As a creative, Khoury’s biggest year of successes came in 2019, when the singer performed at  les FrancoFolies event “En route pour la gloire.” As a finalist, she sang at Place des Arts in downtown Montreal and performed her French composition, “Lumières.”

Following the festival, she attended the Summer Institute for Critical Studies in Improvisation workshop in Gaspésie in August 2019. As the summer came to a close, that September saw her cut a few classes to perform at the Toronto Undergraduate Jazz Festival, something she described as “an excuse to do a mini tour.”

Upon returning home, Khoury admittedly became depressed after coming off a great time in Ontario. At one point she considered dropping out of school, citing trouble doing day-to-day life. However, it was a nomination by one of her professors for the Oscar Peterson Jazz Scholarship that reinvigorated her to keep pushing through that year. At Concordia, the faculty chooses students to compete within the school for a bursary and a performing spot at the Festival International de Jazz de Montreal.
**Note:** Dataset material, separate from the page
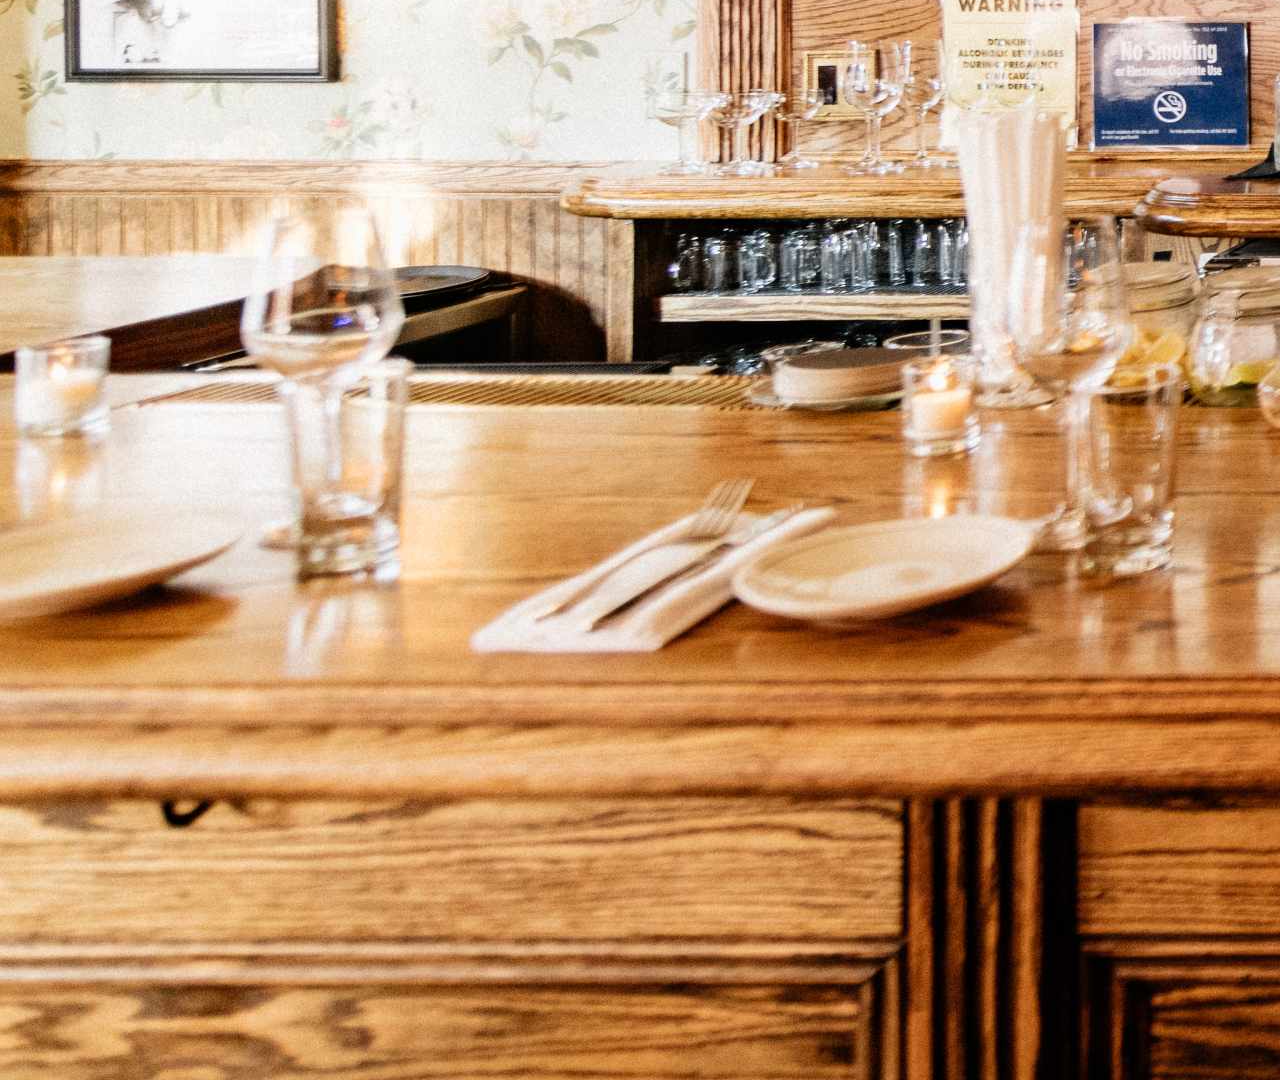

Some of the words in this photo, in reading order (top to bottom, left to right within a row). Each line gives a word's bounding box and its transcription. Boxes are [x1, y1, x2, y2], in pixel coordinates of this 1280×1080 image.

Khoury later won the faculty competition and took home the bursary.

With the victory fresh in mind, she embarked on a one semester exchange at Kingston University in London, England. Right around then, COVID-19 hit and she was forced to return home early due to lockdown. Though locked in, she found solace in having creative pressure removed from her shoulders.

“I was relieved to not have to produce anything creatively,” she explained. 

The performance at the Festival International de Jazz de Montréal has yet to happen because of COVID-19.

In 2020, Khoury was able to release three music videos, including two clips from the same live session at the Upstairs Jazz Bar & Grill, near Concordia. As the new year begins, she is looking forward to her latest music project, latin folk band Dos Pesos. While plans for the project initially fell apart due to COVID-19 shutdowns, she still sees a light at the end of the tunnel and hopes to debut performing with the band sometime in the near future.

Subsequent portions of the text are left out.